Os avanços, no entanto, não autorizam uma acomodação, como salientou Fachin. “Temos ainda cerca de 1,3 milhão de processos pendentes de julgamento. Atrás de cada número, há uma história interrompida; uma família em ruptura; uma rede de afetos partida; uma incidência grave contra as mulheres”, lembrou.

COORDENADORIAS 

Os resultados da atuação do Judiciário também foram destacados pela supervisora da Política Judiciária Nacional de Enfrentamento à Violência contra as Mulheres, conselheira Jaceguara Dantas, durante a abertura do evento, na manhã desta terça (2/6). Para ela, é essencial investir em políticas públicas, prevenção e educação, além de reforçar o papel das coordenadorias nesse processo.

Como ouvidora Nacional da Mulher, a conselheira ressaltou a importância de se expandir esse modelo para os estados, como um canal de escuta e apoio a vítimas. “Essa violência assumiu uma dimensão muito impactante na nossa sociedade, pois atinge direitos como a integridade física, psicológica, material, patrimonial, moral e sexual e, em sua forma mais grave, retira o bem jurídico mais importante que temos, que é a vida”, declarou.

Para a juíza auxiliar da Presidência do CNJ Camila Pullin, as coordenadorias da mulher ocupam um papel estratégico dentro do Sistema de Justiça.
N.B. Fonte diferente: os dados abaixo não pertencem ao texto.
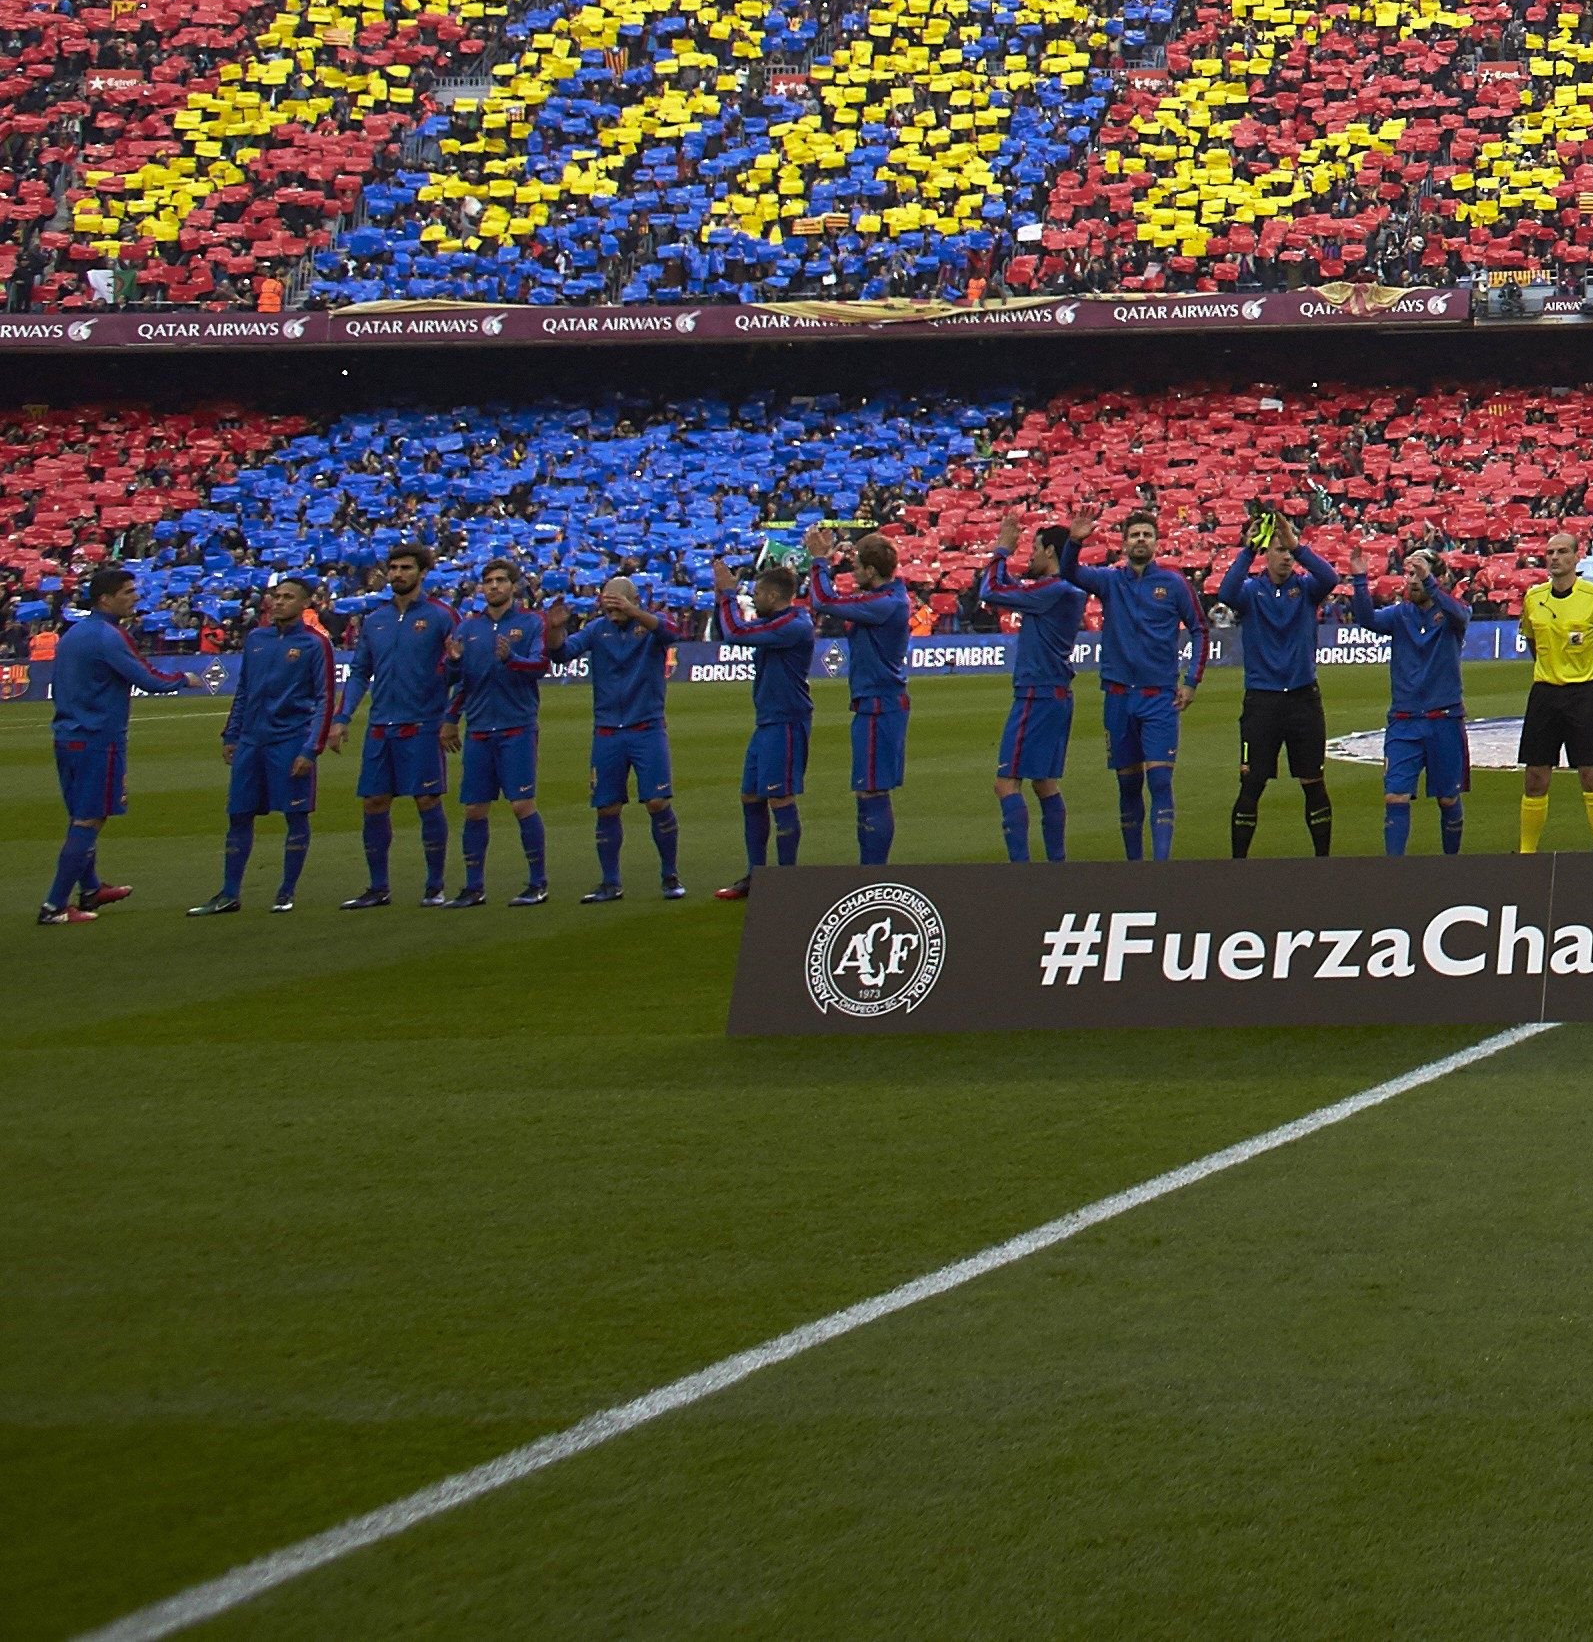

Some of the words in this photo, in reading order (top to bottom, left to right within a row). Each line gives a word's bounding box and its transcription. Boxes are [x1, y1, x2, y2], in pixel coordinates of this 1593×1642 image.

[983, 308, 1053, 325] AIRWAYS
[1114, 306, 1168, 323] QATAR
[1170, 302, 1239, 319] AIRWAYS
[0, 323, 64, 339] RWAYS
[138, 322, 196, 339] QATAR
[200, 322, 280, 338] AIRWAYS
[345, 321, 402, 338] QATAR
[404, 319, 479, 335] AIRWAYS
[542, 319, 599, 335] QATAR
[601, 316, 673, 332] AIRWAYS
[735, 314, 791, 331] QATAR
[911, 646, 1006, 668] DESEMBRE
[1209, 641, 1221, 660] H
[838, 888, 930, 920] CHAPECOENSE
[924, 916, 940, 936] DE
[809, 914, 840, 1000] ASSOCIAÇÃO
[908, 938, 941, 999] FUTEBOL
[858, 989, 881, 999] 1973
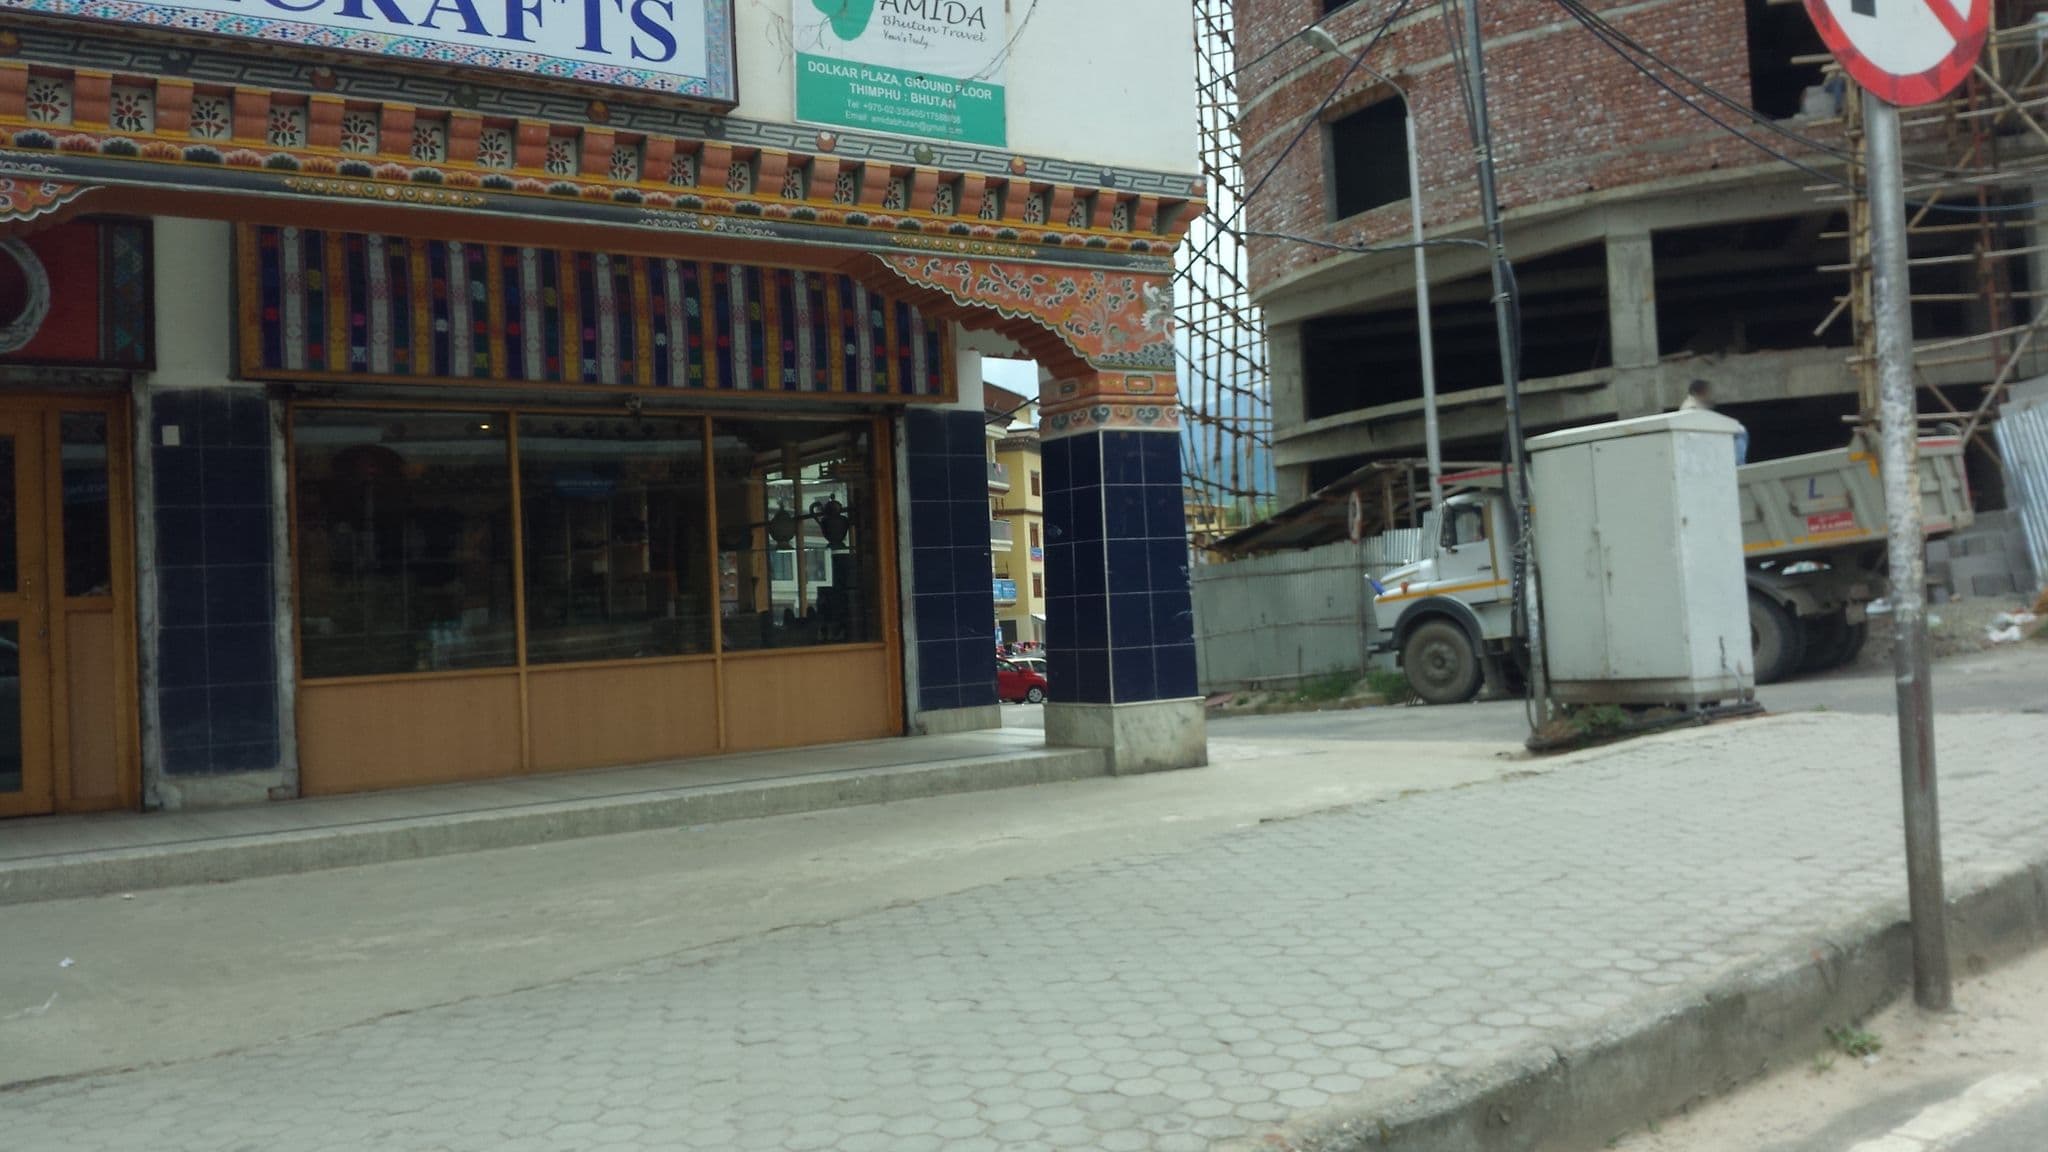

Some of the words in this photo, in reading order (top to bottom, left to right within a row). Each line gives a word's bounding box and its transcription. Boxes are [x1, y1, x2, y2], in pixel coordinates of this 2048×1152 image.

Ela destacou que as unidades são a expressão da compreensão de que o enfrentamento à violência contra a mulher não se faz apenas por meio do julgamento dos casos concretos, mas também por meio da “articulação de políticas institucionais permanentes, da produção de conhecimento, do trabalho em rede e da transformação cultural”.

A presidente do Colégio de Coordenadores da Mulher em Situação de Violência Doméstica e Familiar do Poder Judiciário Brasileiro (Cocevid), Vanja Fontenele Pontes, também afirmou que a otimização estrutural das coordenadorias é a prioridade do colegiado. “Queremos fortalecer campanhas nacionais, destacando que o enfrentamento à violência contra a mulher exige visibilidade, união e mudança cultural”, afirmou.